216. LA CONVERSIÓN DE LOS JUDÍOS DAROCENSES (SIGLO XV. DAROCA)
Discurría un día del mes de junio de 1444. La fama de los Corporales era ya tal que el Papa había concedido un jubileo, que fue pregonado a los cuatro vientos, tanto que a Daroca llegaron gentes de todo el mundo. Había cristianos, moros y judíos; gentes sencillas y guerreros; reyes, prelados, caballeros...
Las calles eran un auténtico hervidero, un constante ir y venir.
Las calles eran un auténtico hervidero, un constante ir y venir.

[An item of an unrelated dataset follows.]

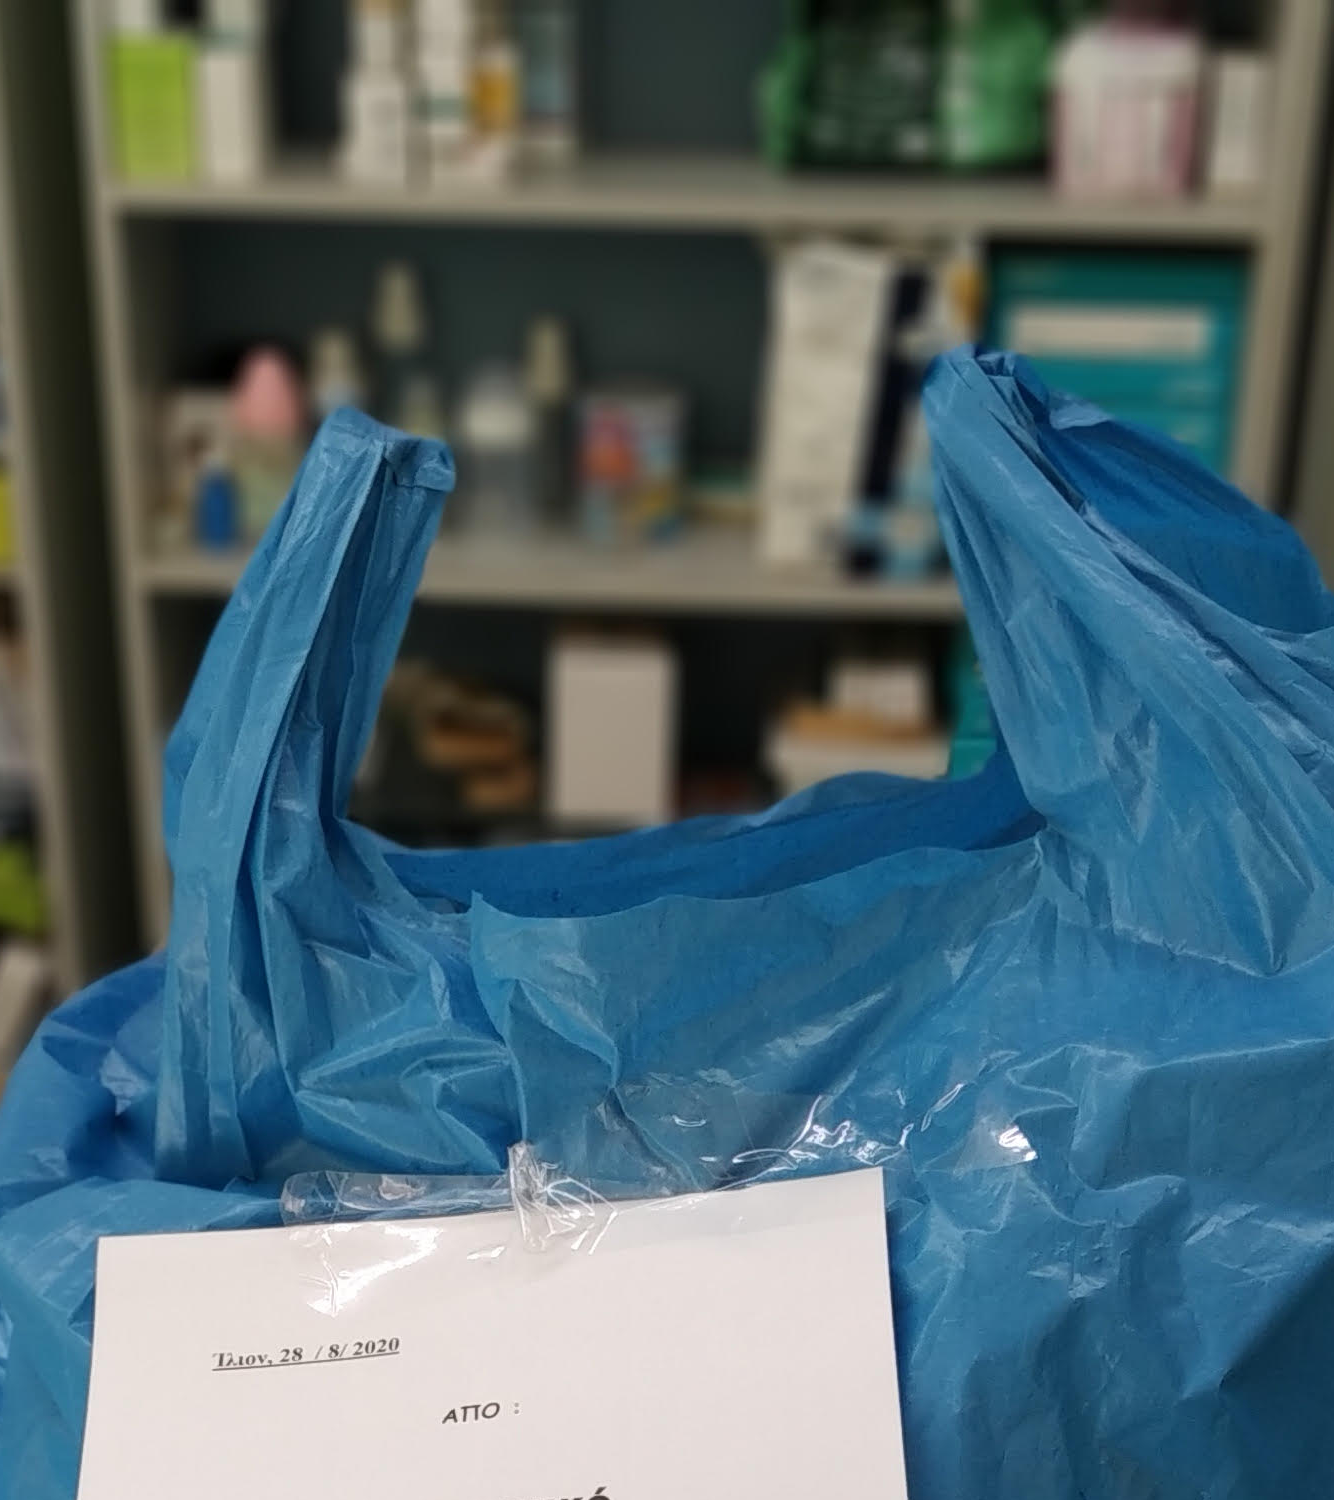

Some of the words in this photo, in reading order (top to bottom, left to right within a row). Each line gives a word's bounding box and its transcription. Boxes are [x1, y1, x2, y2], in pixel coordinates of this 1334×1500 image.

[279, 1346, 304, 1365] 28
[352, 1336, 401, 1359] 2020
[441, 1401, 501, 1425] ΑΠΟ

Aquel día llegó también un enigmático peregrino, que logró hospedaje en la casa de una linajuda familia darocense, la del barón Francisco de Ezpeleta. En sus estancias, reinaba la alegría, pero la dueña de la casa, al ver al joven romero, que estaba totalmente callado, quedó entristecida dado el parecido que el muchacho tenía con su hijo desaparecido. Notaron sus huéspedes el cambio de humor de la dueña de la casa e inquirieron el porqué. Contó la dueña cómo su hijo —enamorado de la hija de un potentado judío, llamado Manasés y no pudiendo soportar el confinamiento y la muerte de ésta por su padre— mató al joven hebreo que deseaba casarse con ella, por lo que tuvo que huir. Ahora, el joven romero que se hospedaba en su casa, que permanecía en silencio, le recordaba a su hijo Alvarado. Todos volvieron los ojos hacia él, pero el peregrino siguió callado.

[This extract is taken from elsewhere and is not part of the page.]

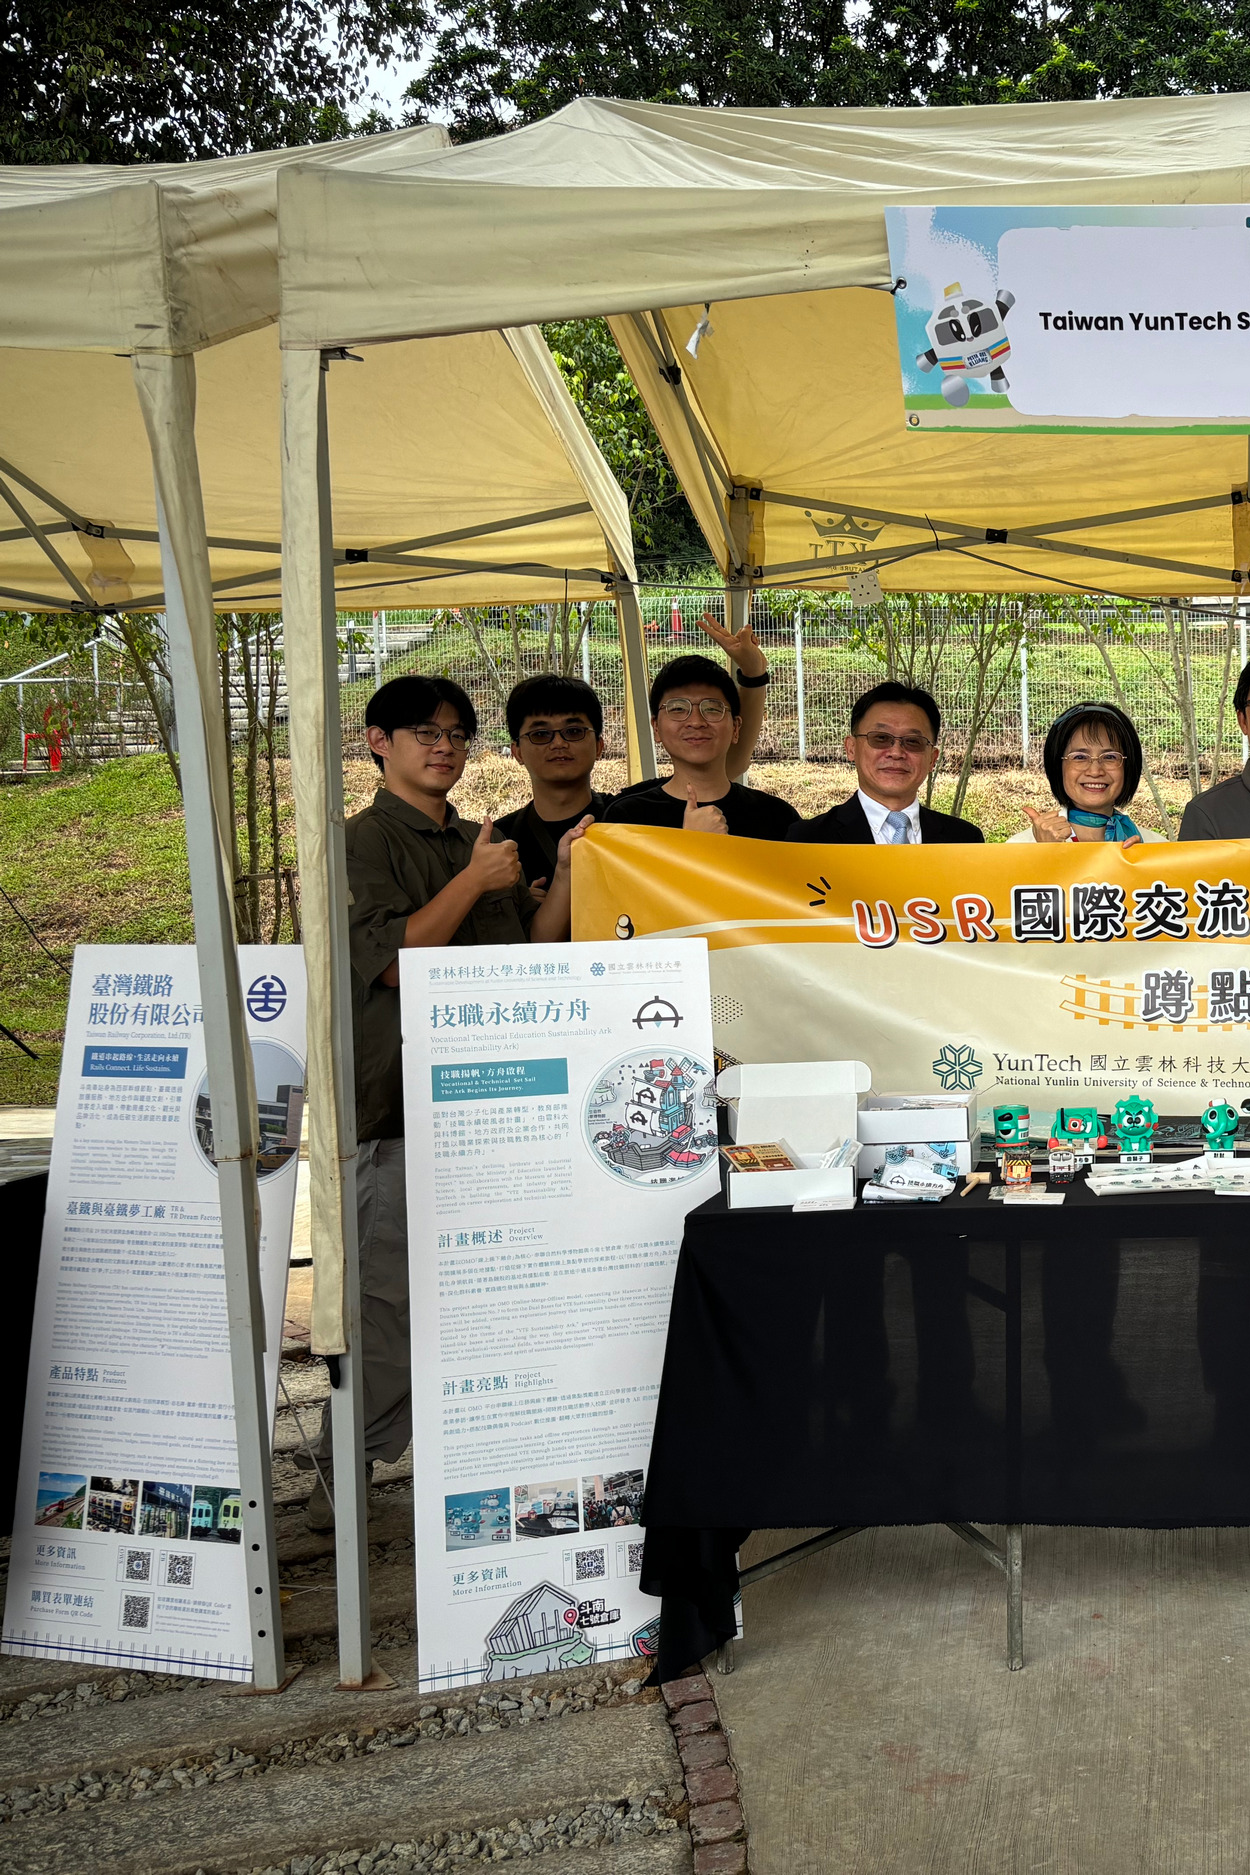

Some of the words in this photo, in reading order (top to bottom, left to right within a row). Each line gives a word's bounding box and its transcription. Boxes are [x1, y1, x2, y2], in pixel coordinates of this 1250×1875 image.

Francisco de Ezpeleta, para romper la tensión creada, invitó a todos a salir a la calle y escuchar la palabra del fraile Vicente Ferrer, en una de sus múltiples intervenciones para tratar de atraer a los judíos al cristianismo. En la plaza, la voz majestuosa y los argumentos del dominico valenciano lograron que ciento diez judíos solicitaran la conversión, destacando entre ellos Manasés.
Naturalmente, cuando regresaron todos a casa, todo lo visto y oído fue objeto de nueva y animada conversación. Más que nunca la anciana y el barón estaban pendientes del peregrino, cada vez más triste, tanto que no pasó desapercibido para todos los demás. Le invitaron a hablar, y el joven, entre lloroso y emocionado, se confesó ser un gran pecador. Poco a poco fue contando la historia de la bella hebrea muerta por su padre, el asesinato de su rival y su huida y peregrinar como romero.
Alvarado se abrazó a su madre y todos celebraron el reencuentro.
[Beltrán, José, «Los cien mil peregrinos», en Tradiciones y leyendas..., págs. 105-113.]